Continuous testing involves automating the testing of software on a wider level to fast-track the feedback process on possible defects and any business risks accompanying any given release. This calls for a re-evaluation of the traditional test automation process and that involves addressing the entire testing process to successfully accommodate the faster pace and increased complications due to current application development and delivery.

Fundamentally, continuous testing demands a complete test process optimization for enhanced test automation. This can only be laid down by making some necessary changes in the test and QA process, including:

  • using RPA to remove duplicates and improve the effectiveness of existing test cases
  • putting strict automation guidelines in place with a self-healing bot to authenticate adherence
  • leveraging data to line up test execution in terms of risk, objective, and pass/fail expectation
  • using test data management and service virtualization for executing effective end-to-end tests in representative user and operating ecosystems.
  • arranging testing with quality indicators and risk analysis factors into release decisions.

Several businesses emphasize on automating just one or perhaps two aspects of the testing ecosystem. There are a number of tools in the market to accomplish this goal. But these tools offer limited features on their own.

Continuous testing involves robust integration and bringing together different stages of QA testing process beginning with the requirements and expectations as well as repeating with new insights, analytics, and user feedback.

Owing to this broader, more cohesive approach, continuous testing facilitates organizations in comprehending where they can and should and shouldn’t automate for optimum results.

Here comes AI

Keep this in mind that continuous testing is not possible without a high percentage of your tests being automated.

Artificial intelligence (AI), together with Machine Learning and BOTs, has surfaced as a major powerful force in the current digital setting. AI-powered test automation solutions, or intelligent testing, can help speed up test automation in several ways, including:

    • optimizing test case management
    • using adaptive learning to detect high-risk defects, bugs, and vulnerabilities
    • automating test result analysis to identify, classify, and prioritize defect configurations for regression engineers.

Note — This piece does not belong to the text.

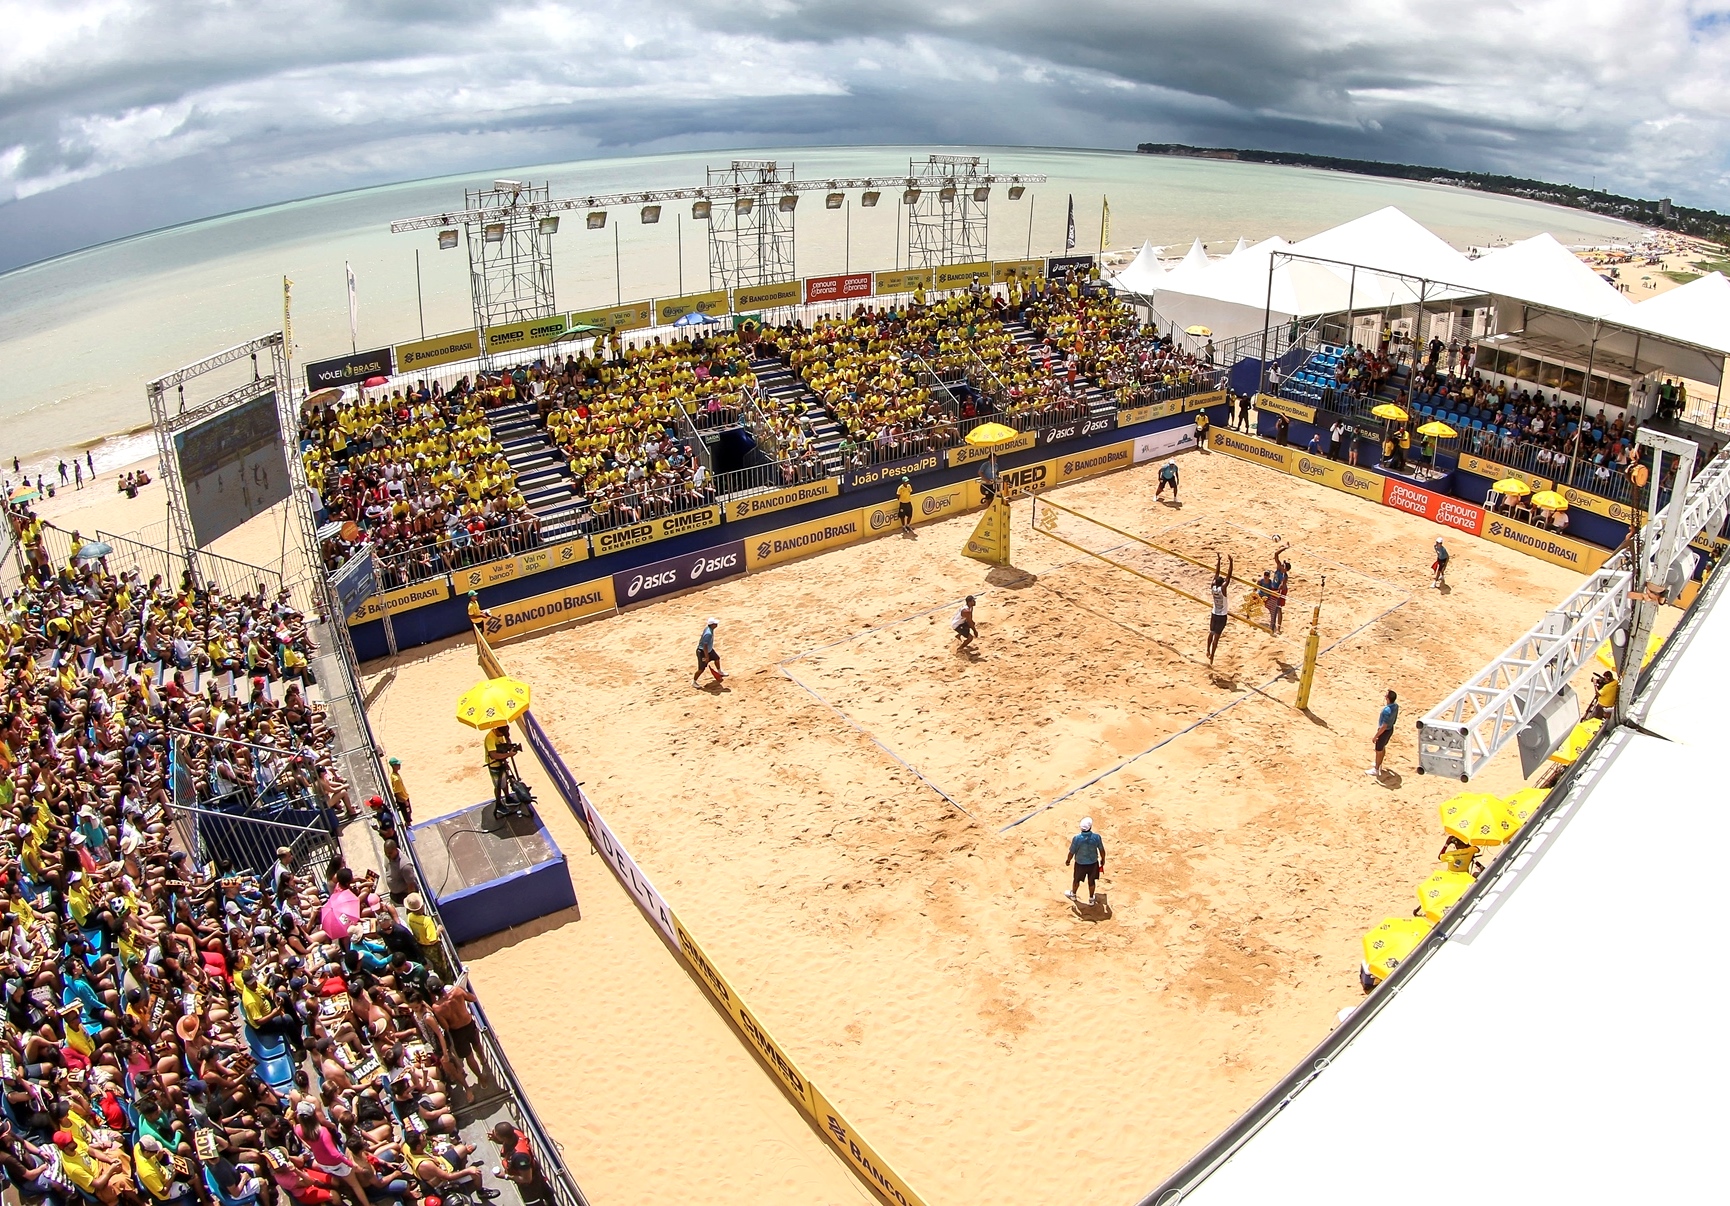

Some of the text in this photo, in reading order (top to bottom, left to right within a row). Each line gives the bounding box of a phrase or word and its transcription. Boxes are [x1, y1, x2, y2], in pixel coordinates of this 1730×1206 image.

By incorporating AI in test automation efforts, enterprises can escalate their capability to leverage continuous testing for overcoming time to market challenges and also accomplish the rigorous quality standards necessary to achieve anticipated business outcomes.

Through continuous testing, businesses can align their systems, processes, QA engineering, and test automation needs to fast-tracking cycle time and provides real business outcomes, including sophisticated quality products and services, improved customer experience, competitive differentiation, and operational efficiency.